Nei mesi estivi i condizionatori lavorano spesso a pieno regime. Anche in macchina ci si rinfresca volentieri accendendo il climatizzatore. Bisogna fare attenzione a non ricevere la corrente d’aria direttamente in faccia.

La situazione si complica in caso di congiuntivite virale o batterica.
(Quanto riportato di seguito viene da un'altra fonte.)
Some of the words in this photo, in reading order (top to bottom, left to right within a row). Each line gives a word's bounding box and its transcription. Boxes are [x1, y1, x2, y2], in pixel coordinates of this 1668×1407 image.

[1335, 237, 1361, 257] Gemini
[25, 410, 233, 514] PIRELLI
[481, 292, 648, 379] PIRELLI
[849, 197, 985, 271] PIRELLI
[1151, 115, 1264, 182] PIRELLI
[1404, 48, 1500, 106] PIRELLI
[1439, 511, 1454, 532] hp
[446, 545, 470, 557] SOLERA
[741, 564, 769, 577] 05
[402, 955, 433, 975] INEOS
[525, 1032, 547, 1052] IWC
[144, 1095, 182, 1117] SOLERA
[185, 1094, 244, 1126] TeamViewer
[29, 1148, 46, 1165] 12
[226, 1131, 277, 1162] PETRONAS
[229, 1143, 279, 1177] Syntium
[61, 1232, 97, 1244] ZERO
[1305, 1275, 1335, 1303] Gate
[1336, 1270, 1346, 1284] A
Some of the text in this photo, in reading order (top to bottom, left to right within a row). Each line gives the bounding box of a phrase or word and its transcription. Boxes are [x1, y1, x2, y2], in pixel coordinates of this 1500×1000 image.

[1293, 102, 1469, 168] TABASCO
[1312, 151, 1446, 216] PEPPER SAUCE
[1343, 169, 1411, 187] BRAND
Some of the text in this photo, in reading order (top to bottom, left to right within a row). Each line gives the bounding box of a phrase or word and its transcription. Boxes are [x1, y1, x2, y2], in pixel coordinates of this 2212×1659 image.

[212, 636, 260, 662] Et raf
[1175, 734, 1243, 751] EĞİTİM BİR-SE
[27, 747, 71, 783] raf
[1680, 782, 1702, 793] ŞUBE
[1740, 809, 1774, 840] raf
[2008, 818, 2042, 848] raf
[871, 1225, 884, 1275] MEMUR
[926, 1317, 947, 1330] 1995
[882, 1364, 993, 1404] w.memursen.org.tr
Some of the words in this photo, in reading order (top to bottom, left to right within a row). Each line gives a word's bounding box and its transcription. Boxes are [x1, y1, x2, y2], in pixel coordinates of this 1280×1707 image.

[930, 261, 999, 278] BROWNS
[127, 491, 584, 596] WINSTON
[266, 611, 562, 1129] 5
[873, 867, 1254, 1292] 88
Gli occhi si arrossano spesso di notte. Ci si corica con un leggero bruciore, e la mattina dopo c’è da prendere paura a guardarsi! Occhi arrossati o appiccicati, ipersensibilità alla luce e sensazione di sabbia negli occhi! Che fare? Correre dal medico?

Senza antibiotici

Già da qualche anno la Società tedesca di oftalmologia (DOG - Deutsche Ophthalmologische Gesellschaft) raccomanda di non affrettarsi ad assumere antibiotici nei primi tre giorni. Ma proprio quei tre giorni possono tornare molto utili. La combinazione tra BelladonnaHepar sulfuris ed Euphrasia è un riconosciuto rimedio omeopatico.

 

L’importanza della detersione del margine palpebrale

Di sera è molto importante detergere il margine palpebrale ad esempio con Similasan BlephaCura. Impregnate un disco di cotone BlephaCura e pulitevi con cura il margine palpebrale.

 

Con gli occhi arrossati è assolutamente controindicato portare le lenti a contatto.

Se gli occhi arrossati si accompagnano ad altri sintomi, quali rigonfiamento delle ghiandole linfatiche, disturbi a carattere influenzale o spossatezza, consultate immediatamente un medico.